Polizisten, die sich in der Nähe befanden, wurden auf die Hilferufe vor der Tankstelle aufmerksam und reagierten. Der mutmassliche Täter versuchte, erneut ein Auto zu entwenden und zu flüchten.

Erst nach einem Taser- und Schusswaffeneinsatz konnte er festgenommen werden. Bei der Tankstelle stellte die Polizei ein Beil sicher. Es dürfte sich um die Tatwaffe handeln. Die Polizei machte keinen weiteren Angaben über den Zustand der Opfer. Der Täter, der schwer verletzt wurde, wird im Spital überwacht.

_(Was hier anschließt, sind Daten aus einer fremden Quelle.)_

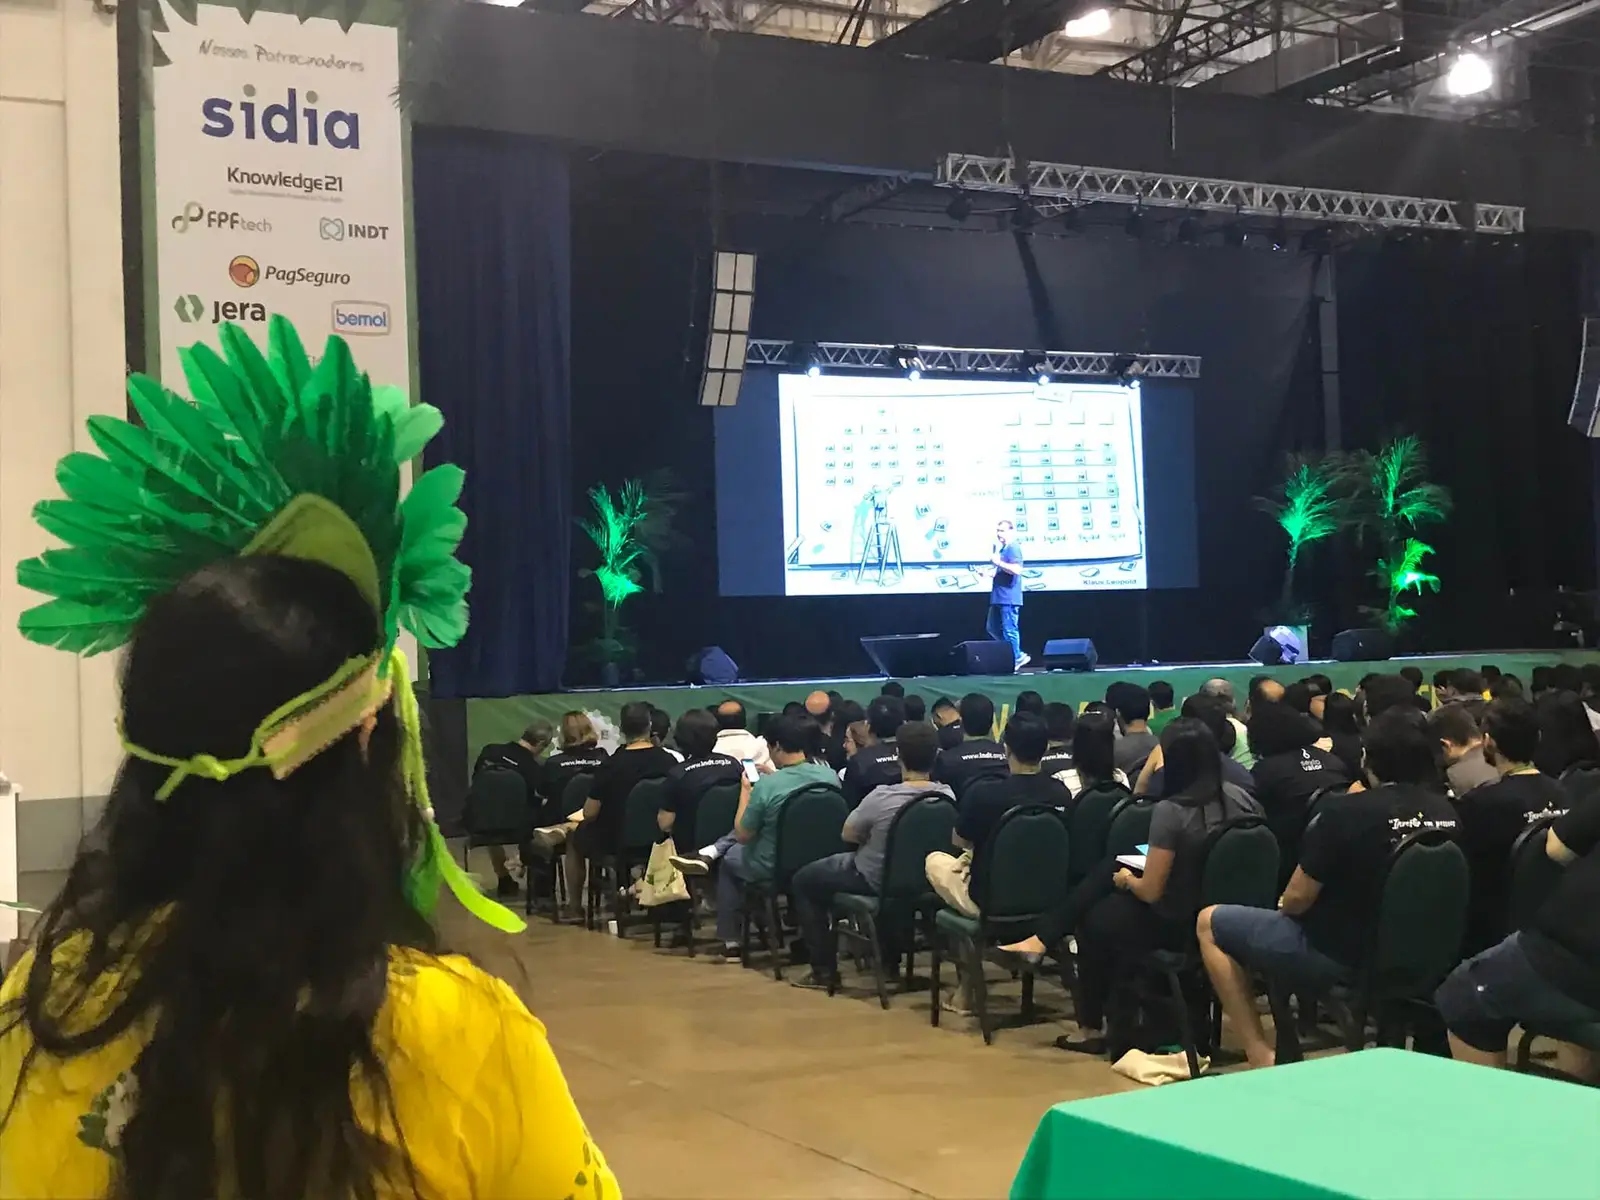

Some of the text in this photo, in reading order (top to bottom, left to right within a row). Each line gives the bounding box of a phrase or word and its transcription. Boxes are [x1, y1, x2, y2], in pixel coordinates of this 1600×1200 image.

[201, 84, 360, 150] sidia
[227, 166, 343, 192] Knowledge21
[348, 224, 389, 240] INDT
[265, 265, 351, 287] PagSeguro
[212, 301, 266, 323] jera
[336, 308, 387, 327] bemol

Über das Motiv sei noch nichts bekannt, sagte Stephan Ramsayer, Leitender Jugendanwalt bei der St. Galler Staatsanwaltschaft. Am Montagnachmittag werde der Jugendliche erstmals einvernommen und Untersuchungshaft beantragt.

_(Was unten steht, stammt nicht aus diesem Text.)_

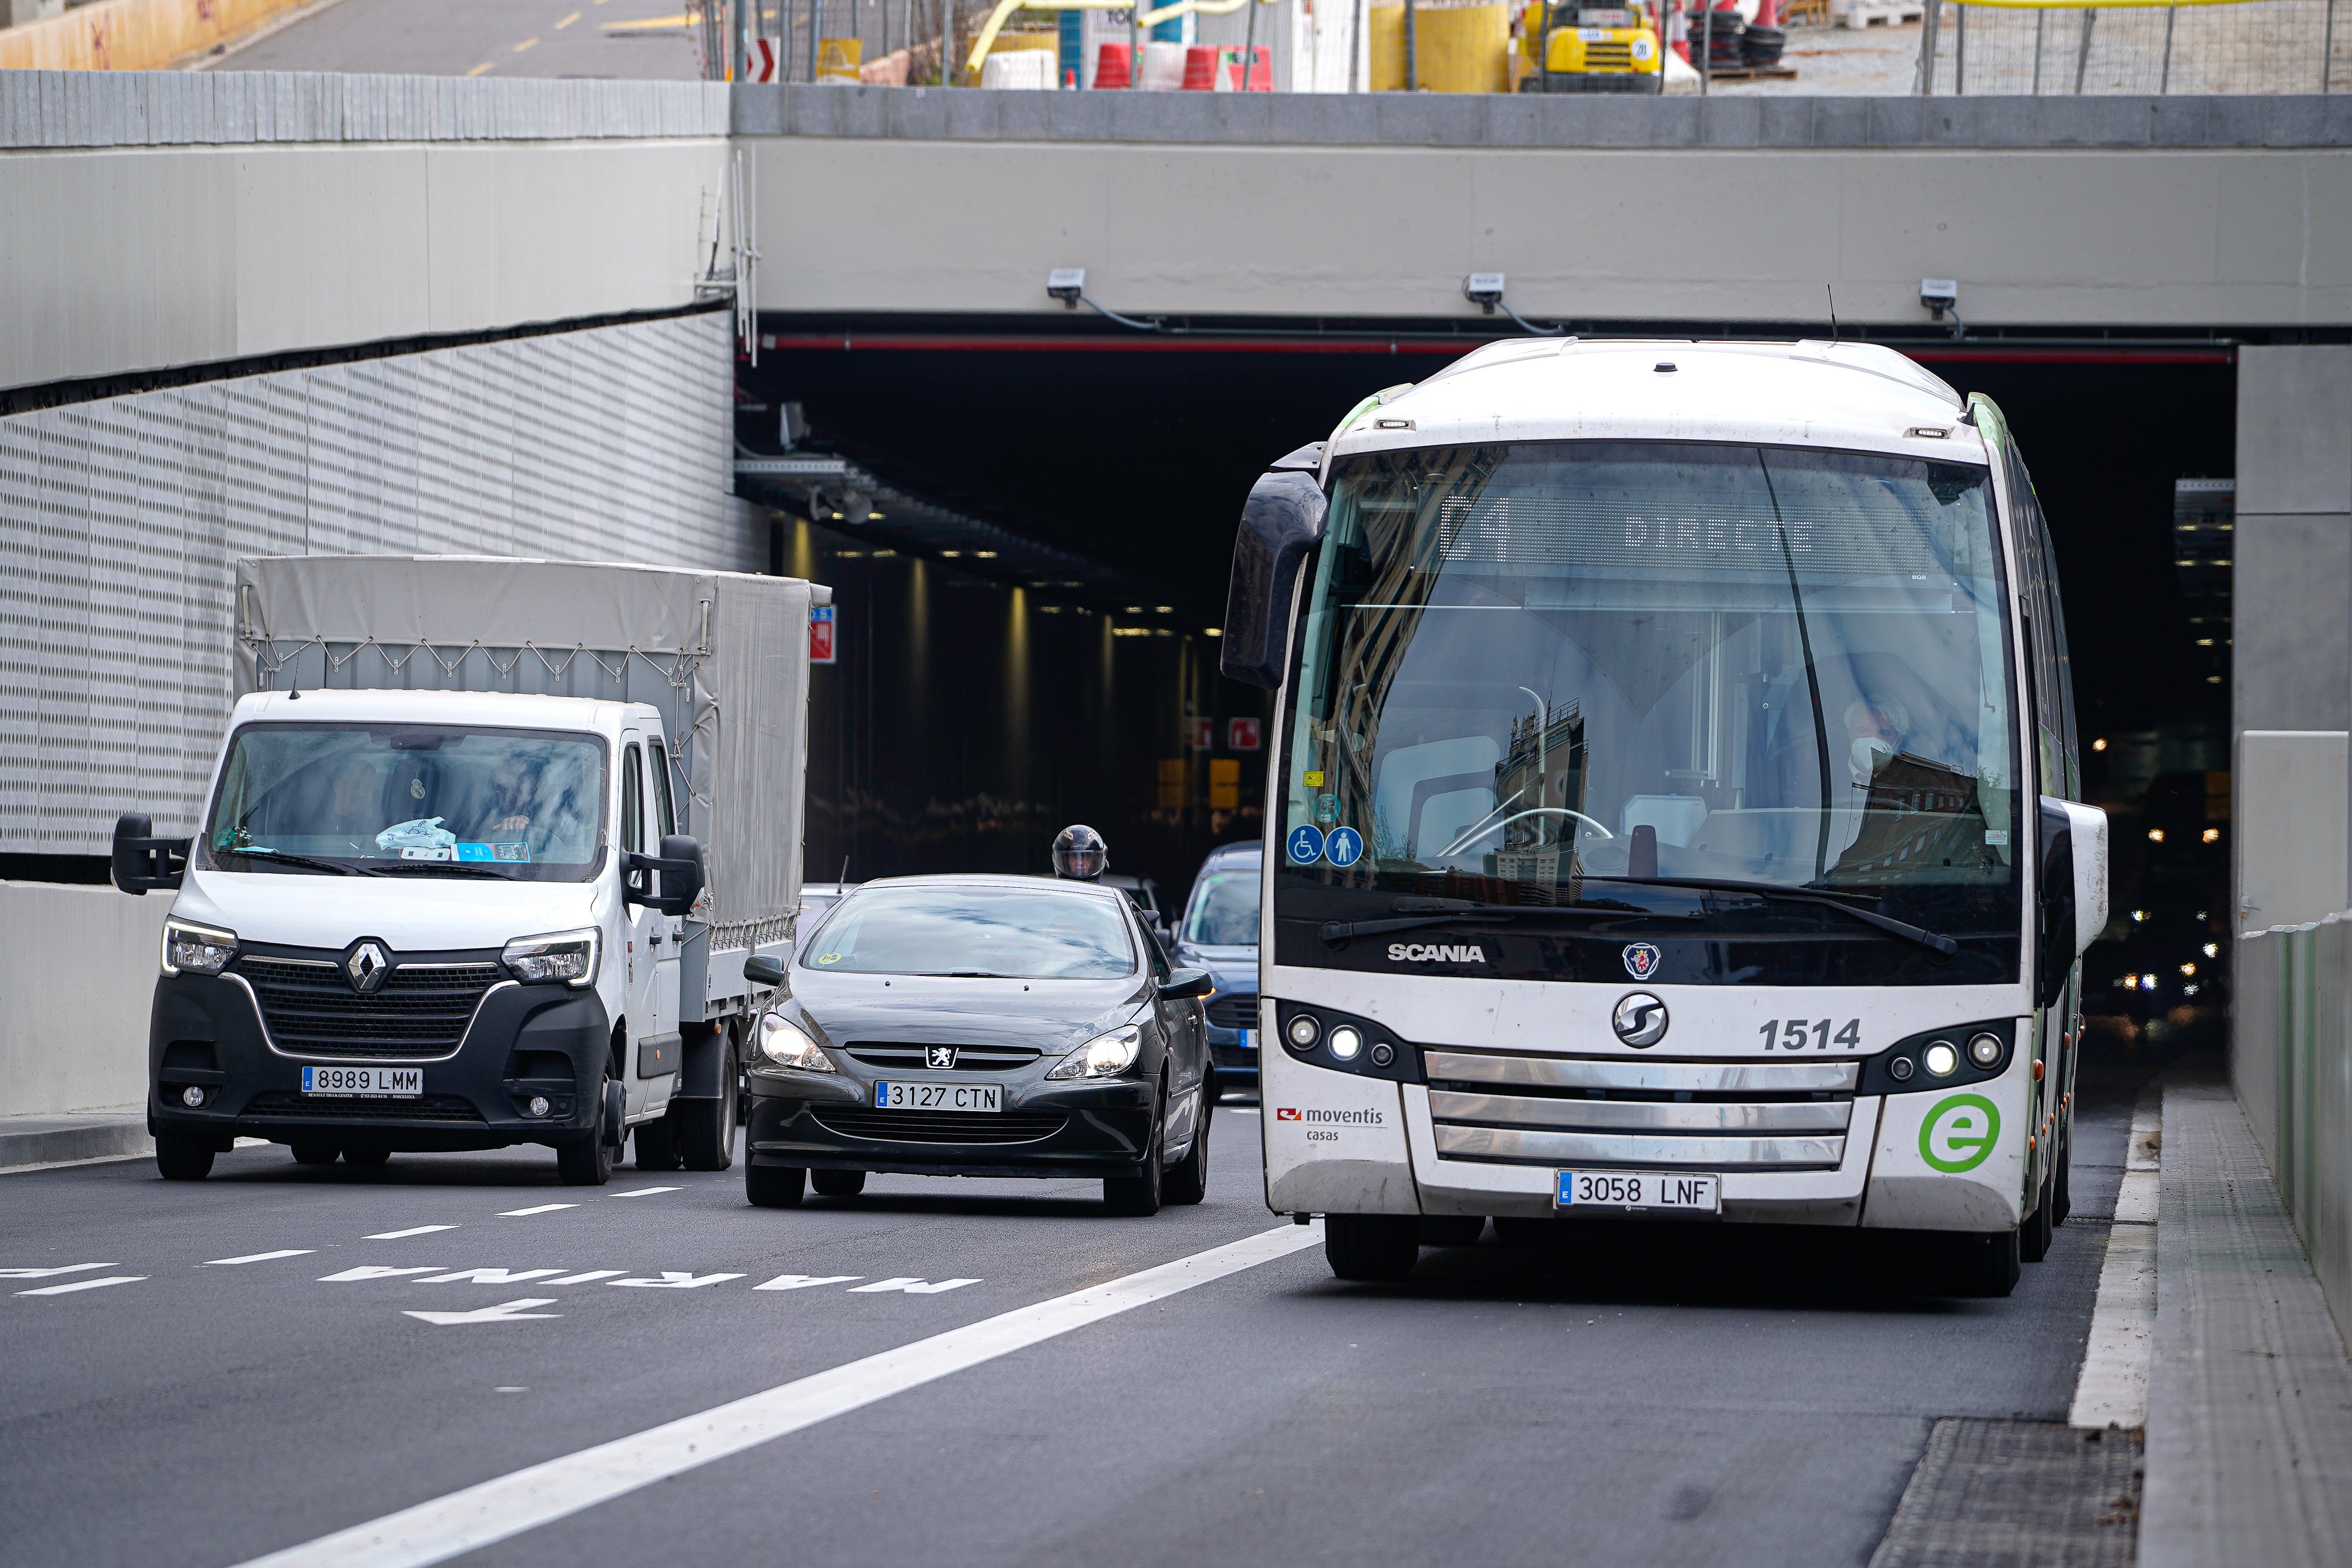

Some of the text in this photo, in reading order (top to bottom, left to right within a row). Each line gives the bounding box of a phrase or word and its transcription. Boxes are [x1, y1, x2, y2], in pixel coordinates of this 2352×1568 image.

[1625, 516, 1812, 551] DIRECTE
[1388, 943, 1486, 962] SCANIA
[1759, 1018, 1860, 1050] 1514
[318, 1070, 370, 1089] 8989
[379, 1071, 417, 1090] LMM
[892, 1086, 946, 1106] 3127
[956, 1088, 995, 1108] CTN
[1307, 1107, 1382, 1124] moventis
[1307, 1131, 1338, 1141] casas
[1562, 1176, 1708, 1204] E 3058 LNF

Der 17-Jährige stammt aus Lettland und kam vor rund vier Jahren im Rahmen eines Familiennachzugs in die Schweiz. Er absolviert hier eine handwerkliche Lehre.

Der junge Mann war bereits im letzten Juni der Jugendarbeit durch Anspielungen auf Gewalt aufgefallen. Später erfolgte zum gleichen Thema eine Meldung der Berufsschule. Die Kriseninterventionsgruppe des Schulpsychologischen Dienstes begann mit Abklärungen. Dabei sei der Jugendliche eng begleitet worden, so Ramseyer.

Mitte September wurde dann in Zusammenarbeit mit Polizei und Staatsanwaltschaft abgeklärt, ob eine akute Gefährdung Dritter vorliegt. Dabei sei man zum Schluss gekommen, dass keine Zwangsmassnahmen angezeigt seien. Der Jugendliche habe keine konkreten Drohungen, etwa gegen andere Personen ausgestossen, stellte der Jugendanwalt fest.

Weitere Alarmzeichen lagen offenbar nicht vor: Der 17-Jährige habe sich in der Schule, aber auch an der Lehrstelle unauffällig verhalten. Er ist nicht vorbestraft und es habe "keine Gewaltvorgänge" gegeben.

Der Jugendliche und seine Eltern hätten sich bei den Gesprächen mit der Kriseninterventionsgruppe kooperativ verhalten. Unter anderem sollte dabei geklärt werden, ob eine psychiatrische Unterbringung in Frage kommt. Dieser Entscheid war bis zur Tat am Sonntagabend noch nicht gefallen.